### SOURCE RECORDS
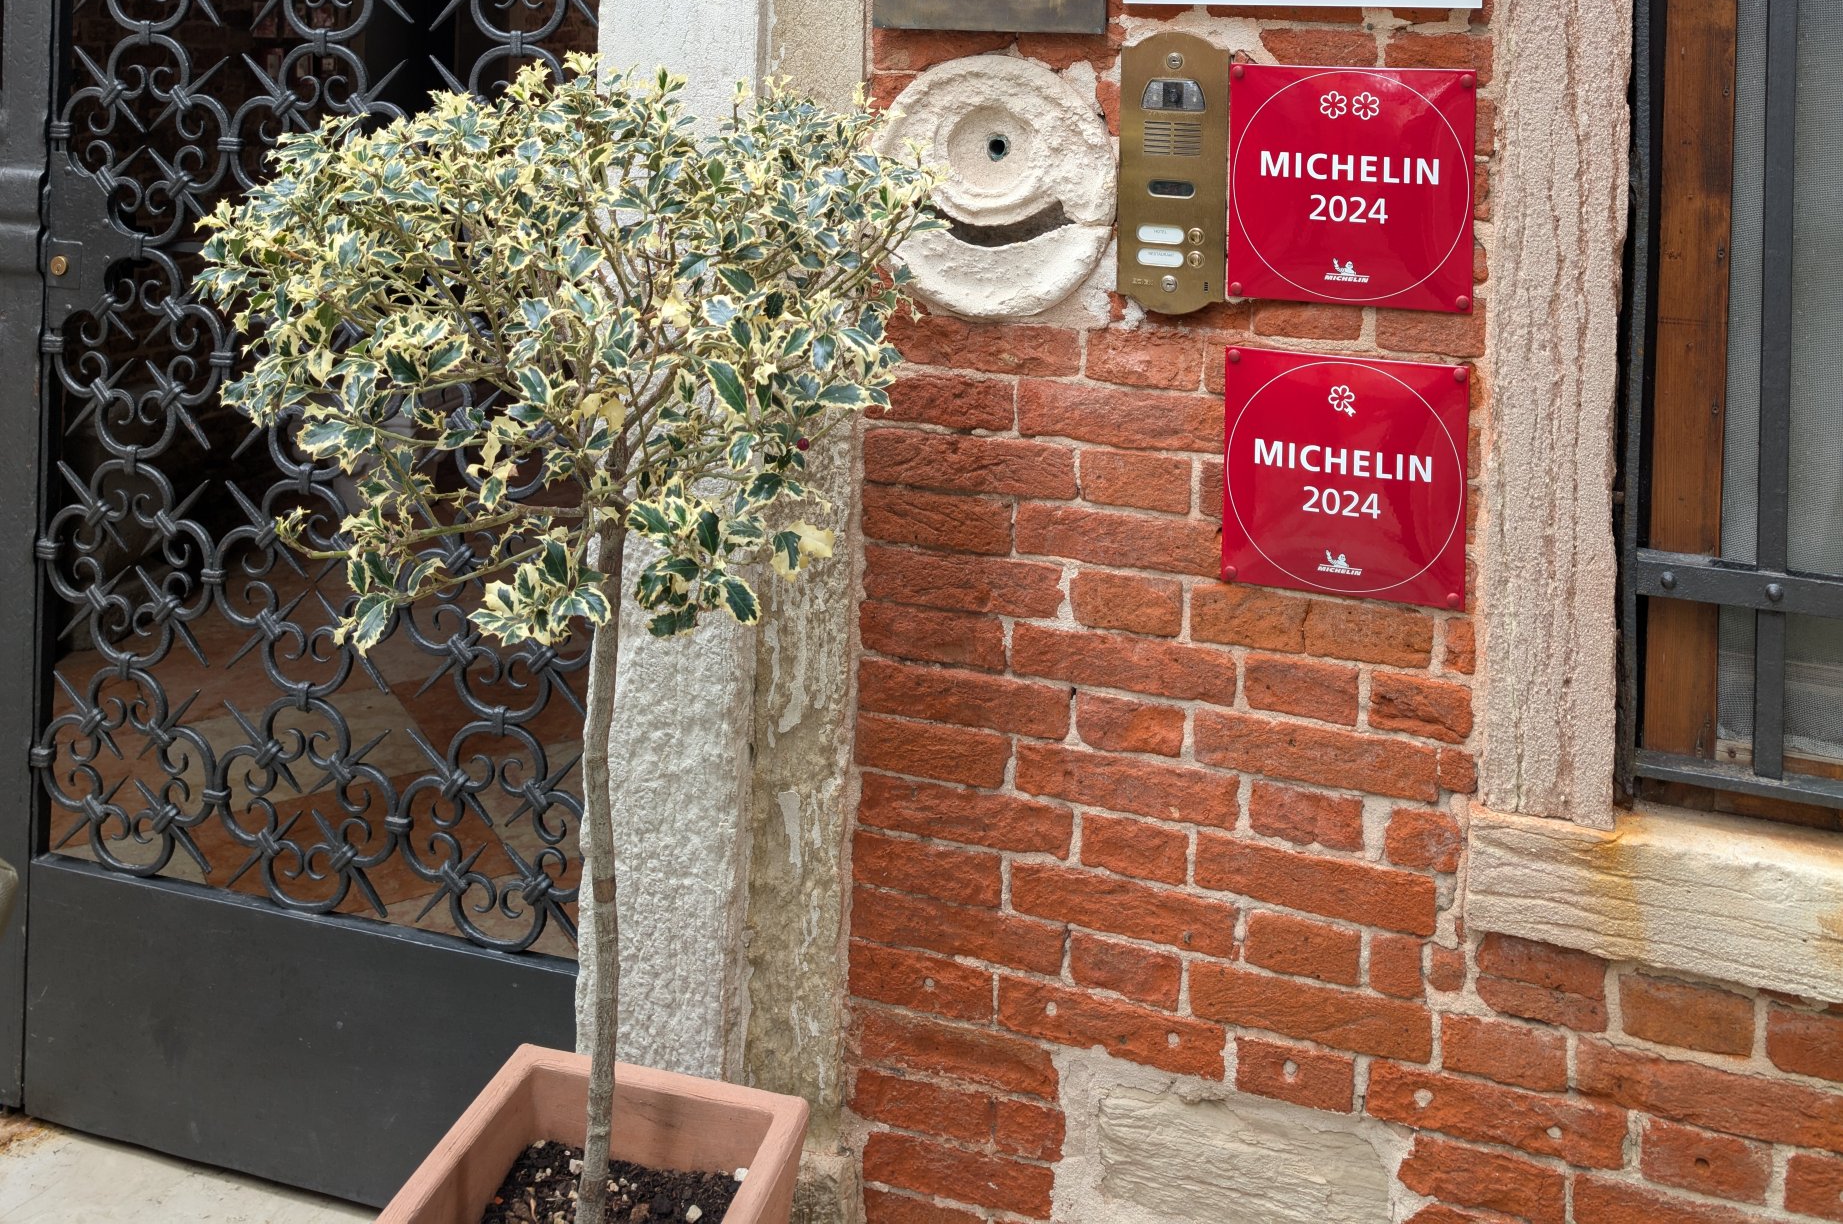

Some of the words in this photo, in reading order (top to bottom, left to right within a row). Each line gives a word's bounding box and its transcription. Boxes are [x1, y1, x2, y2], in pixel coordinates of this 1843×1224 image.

[1259, 151, 1440, 185] MICHELIN
[1308, 194, 1388, 224] 2024
[1324, 274, 1369, 283] MICHELIN
[1253, 438, 1433, 483] MICHELIN
[1302, 485, 1381, 520] 2024
[1317, 566, 1362, 576] MICHELIN
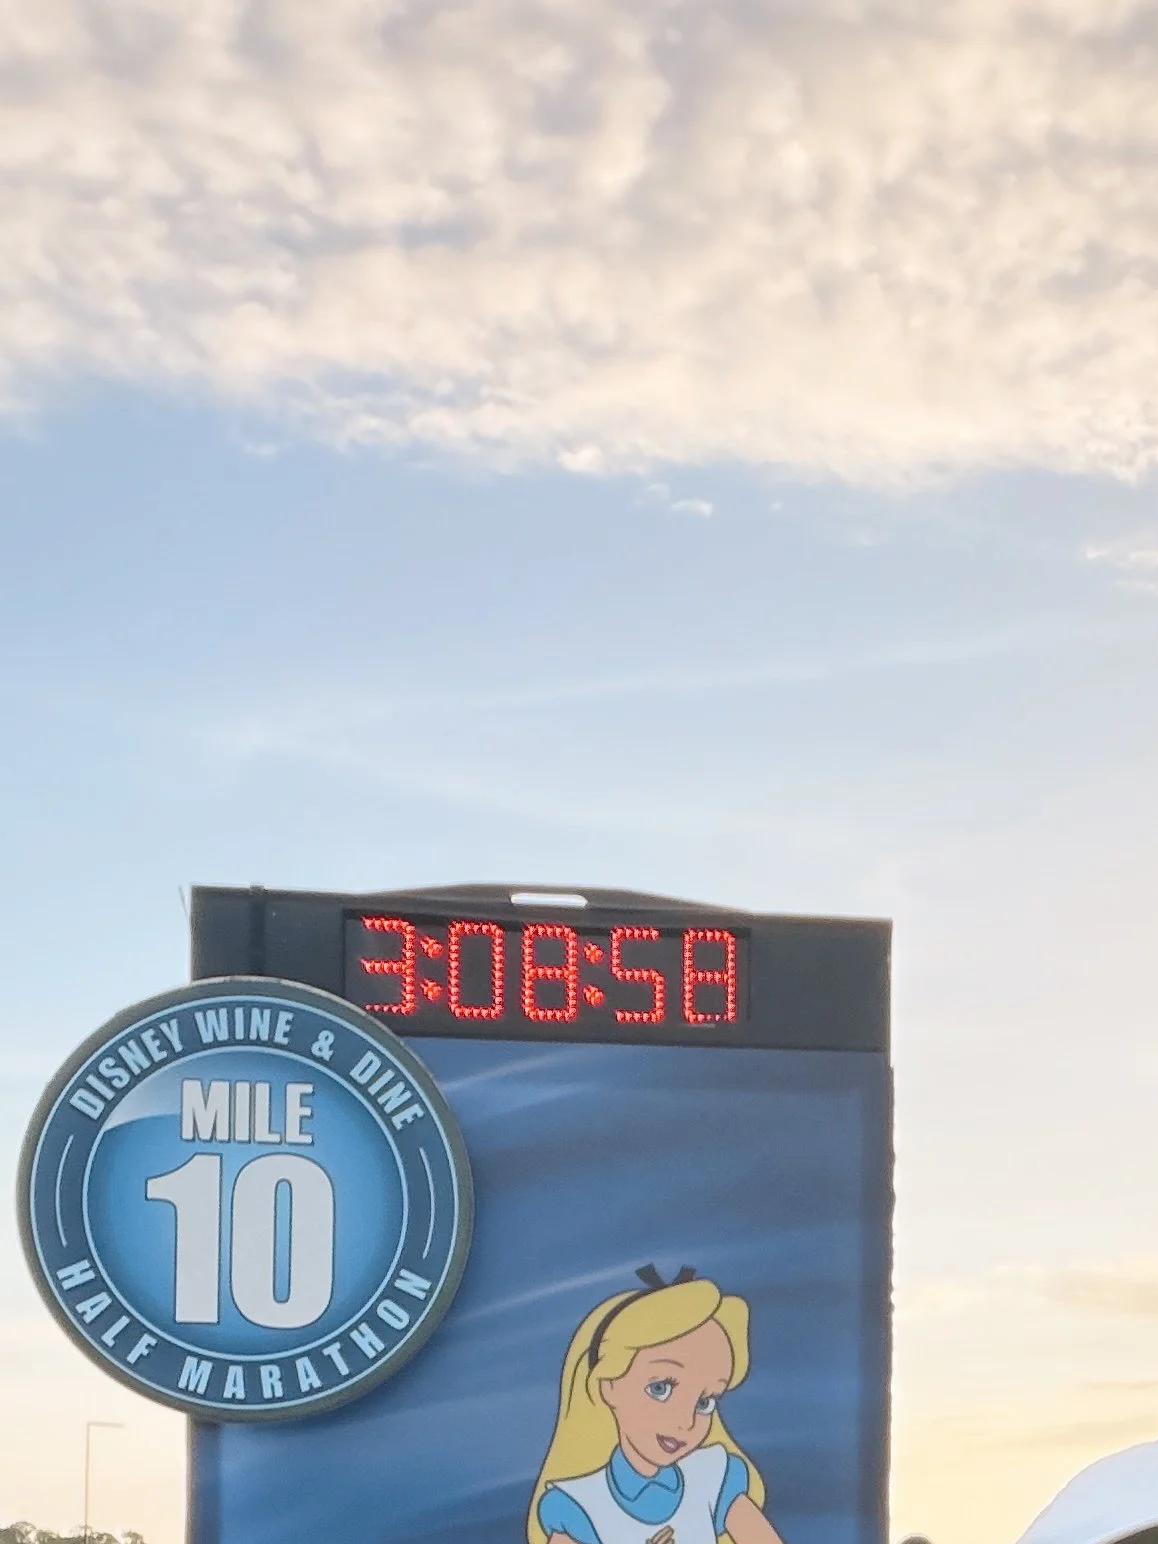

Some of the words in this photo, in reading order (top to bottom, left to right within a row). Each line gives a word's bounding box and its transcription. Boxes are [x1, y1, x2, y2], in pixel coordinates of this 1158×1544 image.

[361, 915, 737, 1023] 3:08:58
[69, 1018, 185, 1121] DISNEY
[194, 1007, 295, 1046] WINE
[311, 1029, 336, 1063] &
[349, 1050, 428, 1131] DINE
[180, 1078, 315, 1145] MILE
[144, 1152, 336, 1330] 10
[56, 1259, 157, 1365] HALF
[177, 1268, 432, 1400] MARATHON
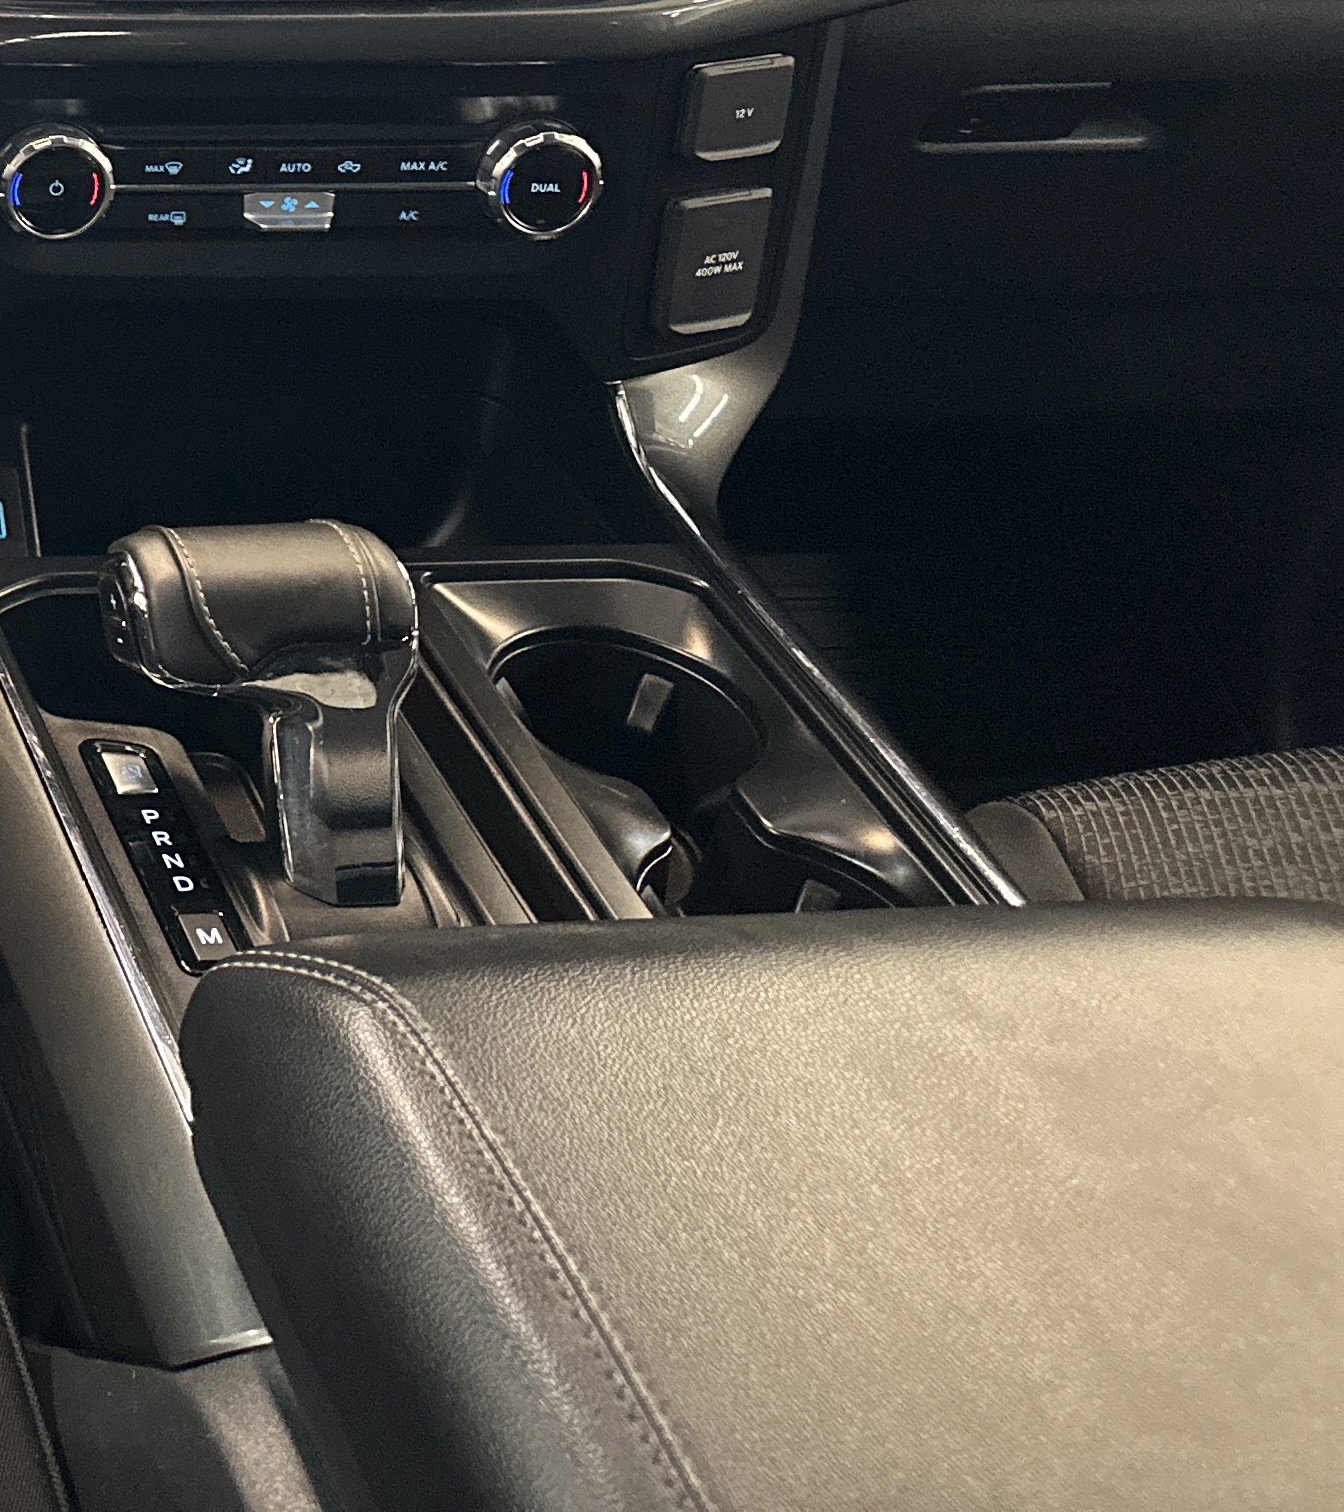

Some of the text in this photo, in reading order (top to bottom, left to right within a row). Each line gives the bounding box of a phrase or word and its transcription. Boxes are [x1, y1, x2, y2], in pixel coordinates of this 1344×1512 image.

### WHAT THE TASK REQUIRES
Please reproduce the records above exactly, omitting every picture.

### ANSWER TO THE PROBLEM
Some of the words in this photo, in reading order (top to bottom, left to right within a row). Each line gives a word's bounding box and its transcription. Boxes are [x1, y1, x2, y2], in pixel coordinates of this 1843×1224 image.

[1259, 151, 1440, 185] MICHELIN
[1308, 194, 1388, 224] 2024
[1324, 274, 1369, 283] MICHELIN
[1253, 438, 1433, 483] MICHELIN
[1302, 485, 1381, 520] 2024
[1317, 566, 1362, 576] MICHELIN

Some of the words in this photo, in reading order (top to bottom, left to right within a row). Each line gives a word's bounding box and its transcription. Boxes are [x1, y1, x2, y2], in pixel coordinates of this 1158×1544 image.

[361, 915, 737, 1023] 3:08:58
[69, 1018, 185, 1121] DISNEY
[194, 1007, 295, 1046] WINE
[311, 1029, 336, 1063] &
[349, 1050, 428, 1131] DINE
[180, 1078, 315, 1145] MILE
[144, 1152, 336, 1330] 10
[56, 1259, 157, 1365] HALF
[177, 1268, 432, 1400] MARATHON

Some of the text in this photo, in reading order (top to bottom, left to right within a row). Each line gives the bounding box of a phrase or word and its transcription. Boxes are [x1, y1, x2, y2], in pixel coordinates of this 1344×1512 image.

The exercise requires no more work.